▶ **Task goal**: Make an exact copy of the records, with the pictures left out.

▶ **Records for this exercise**:
>>>

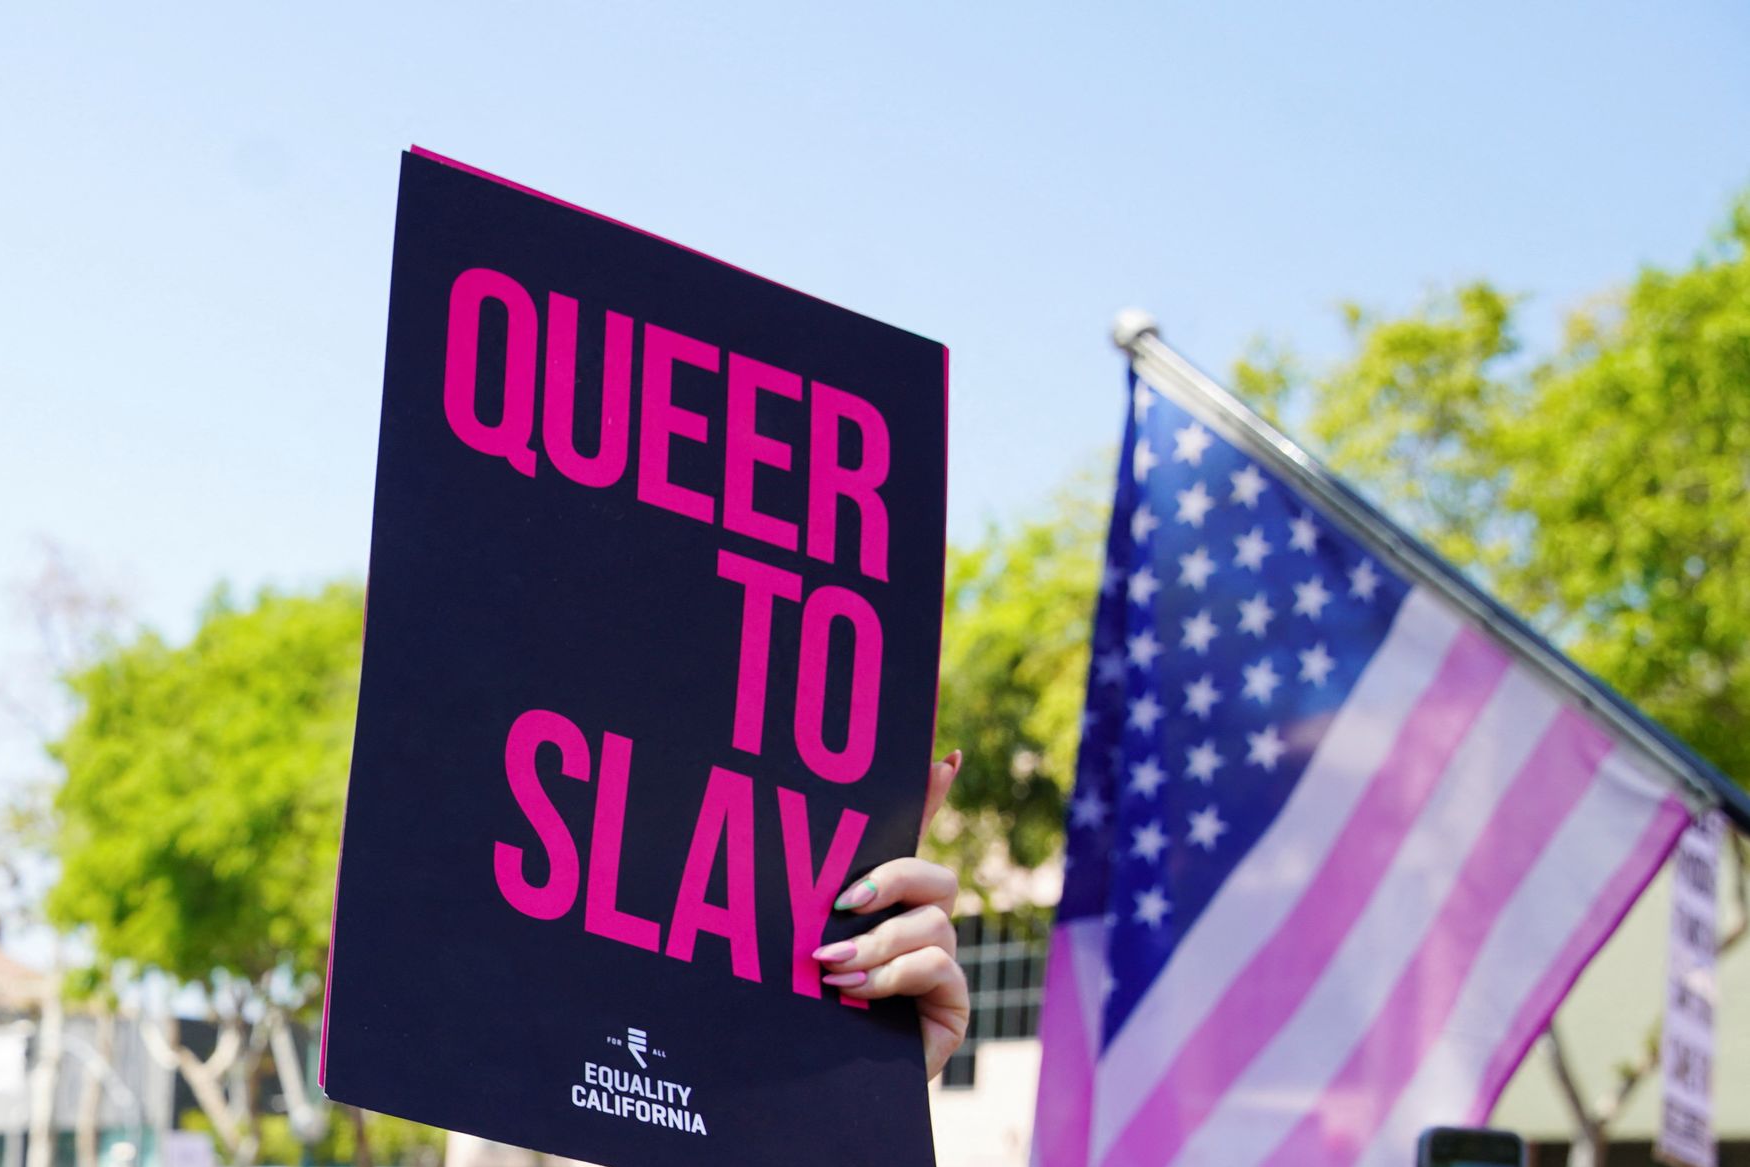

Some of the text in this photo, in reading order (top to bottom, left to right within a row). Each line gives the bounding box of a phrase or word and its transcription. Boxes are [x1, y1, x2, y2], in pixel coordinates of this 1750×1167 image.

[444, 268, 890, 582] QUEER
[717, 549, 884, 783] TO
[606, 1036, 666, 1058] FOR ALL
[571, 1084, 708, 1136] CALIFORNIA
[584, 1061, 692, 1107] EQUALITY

<<<

▶ **Solved problem**:
Some of the text in this photo, in reading order (top to bottom, left to right within a row). Each line gives the bounding box of a phrase or word and its transcription. Boxes are [x1, y1, x2, y2], in pixel coordinates of this 1750×1167 image.

[444, 268, 890, 582] QUEER
[717, 549, 884, 783] TO
[606, 1036, 666, 1058] FOR ALL
[571, 1084, 708, 1136] CALIFORNIA
[584, 1061, 692, 1107] EQUALITY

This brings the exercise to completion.